**To do**
For every record below, repeat the text exactly and pass over any image.

Image-backed grounding data
┌────────
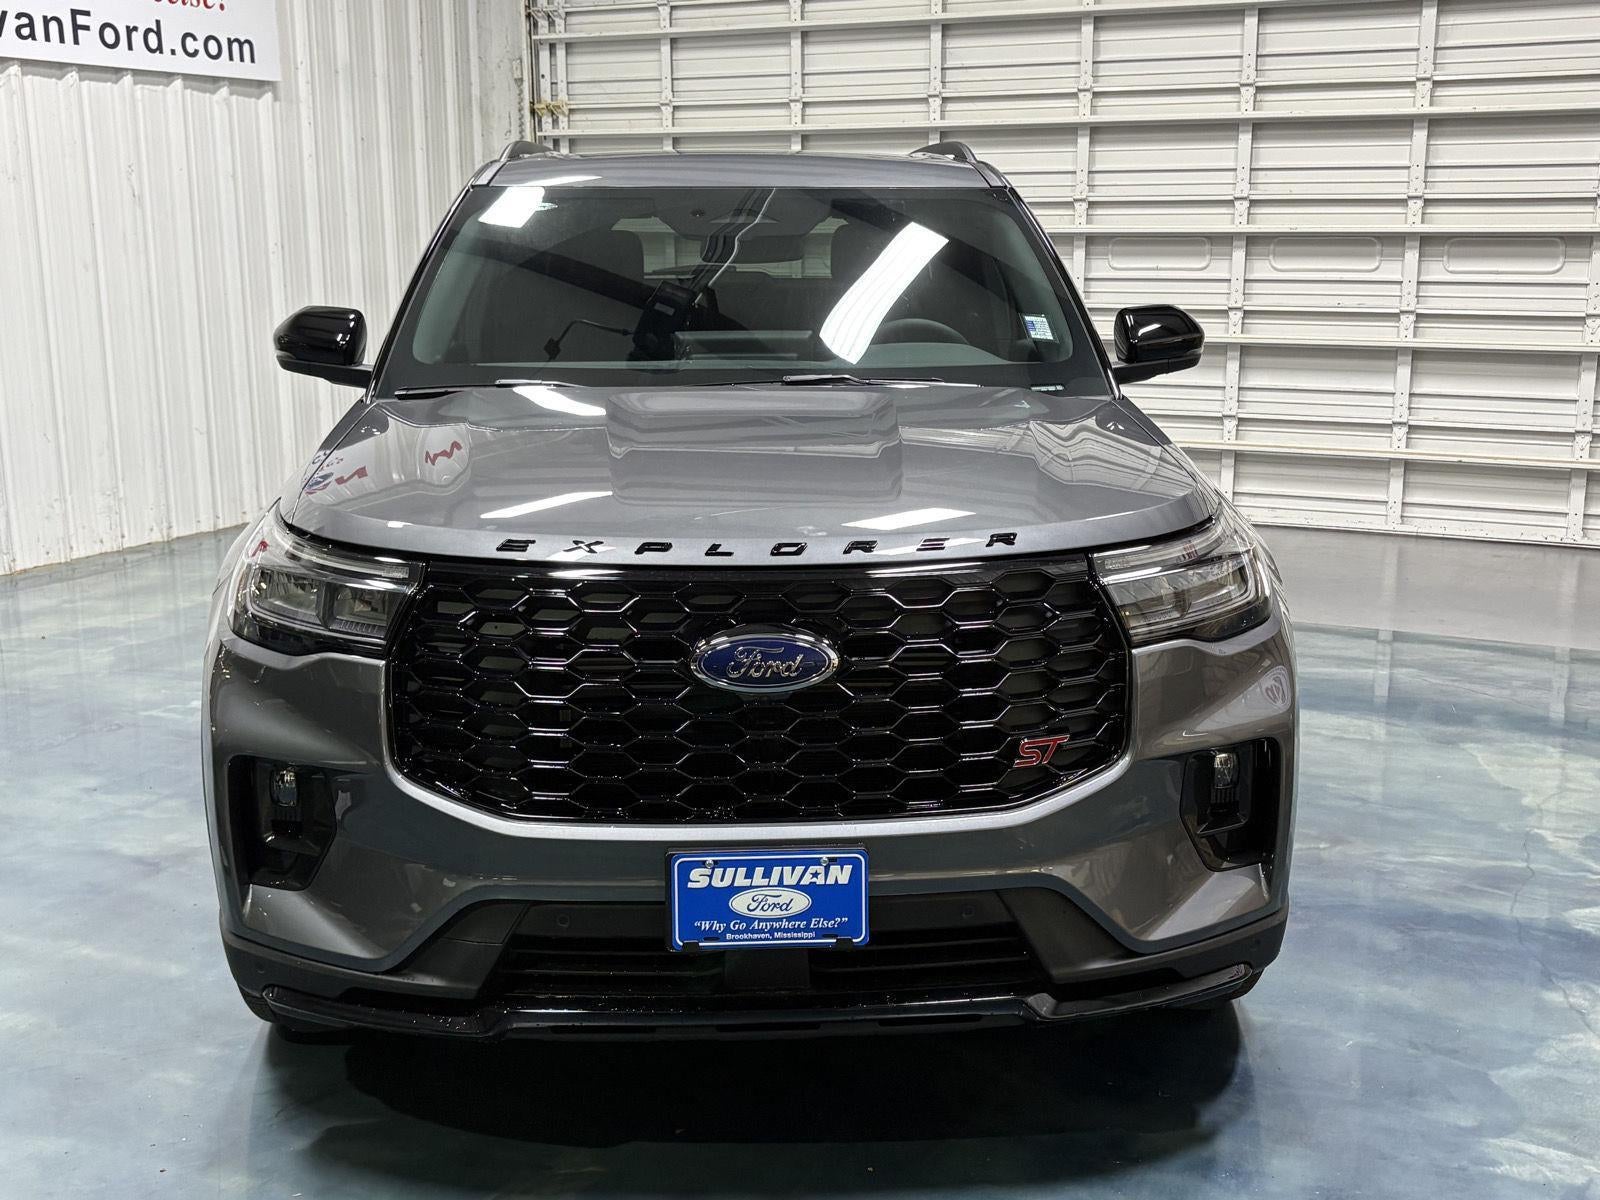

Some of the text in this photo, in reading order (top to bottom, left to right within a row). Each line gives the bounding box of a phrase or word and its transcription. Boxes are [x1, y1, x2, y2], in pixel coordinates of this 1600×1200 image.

[496, 532, 1018, 557] EXPLORER
[726, 645, 804, 679] Ford
[1013, 734, 1070, 767] ST
[687, 865, 852, 888] SULLIVAN
[746, 893, 794, 913] Ford
[730, 920, 746, 930] Go
[750, 919, 806, 932] Anywhere
[774, 931, 815, 939] Mississippi
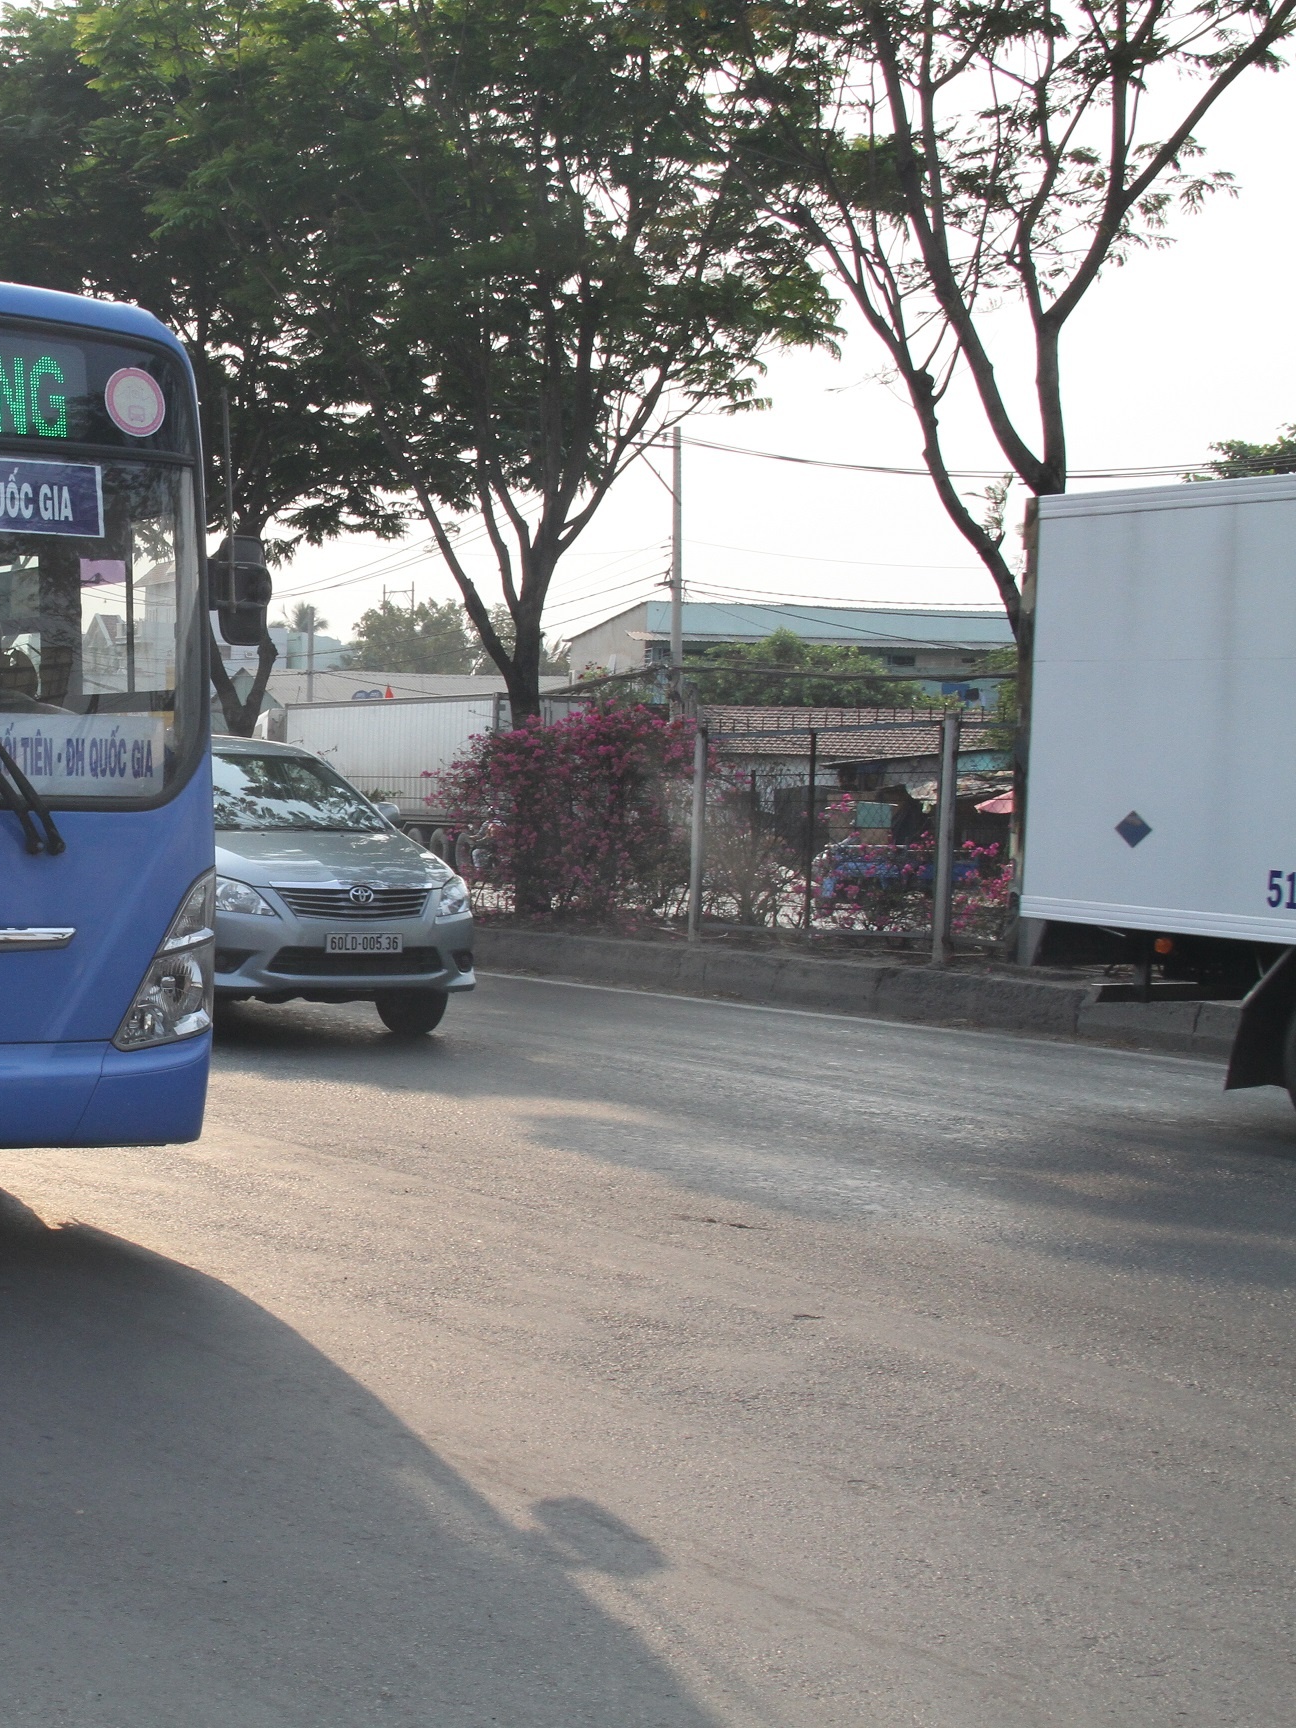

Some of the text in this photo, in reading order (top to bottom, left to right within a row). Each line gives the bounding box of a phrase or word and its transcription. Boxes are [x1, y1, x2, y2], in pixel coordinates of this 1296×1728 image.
└────────
**Answer to this problem**
Some of the text in this photo, in reading order (top to bottom, left to right within a row). Each line gives the bounding box of a phrase or word and its transcription. Boxes are [x1, y1, x2, y2], in pixel coordinates of this 1600×1200 image.

[496, 532, 1018, 557] EXPLORER
[726, 645, 804, 679] Ford
[1013, 734, 1070, 767] ST
[687, 865, 852, 888] SULLIVAN
[746, 893, 794, 913] Ford
[730, 920, 746, 930] Go
[750, 919, 806, 932] Anywhere
[774, 931, 815, 939] Mississippi

Some of the text in this photo, in reading order (top to bottom, left to right within a row). Each line gives the bounding box of a phrase or word and its transcription. Boxes are [x1, y1, x2, y2], in pixel coordinates of this 1296×1728 image.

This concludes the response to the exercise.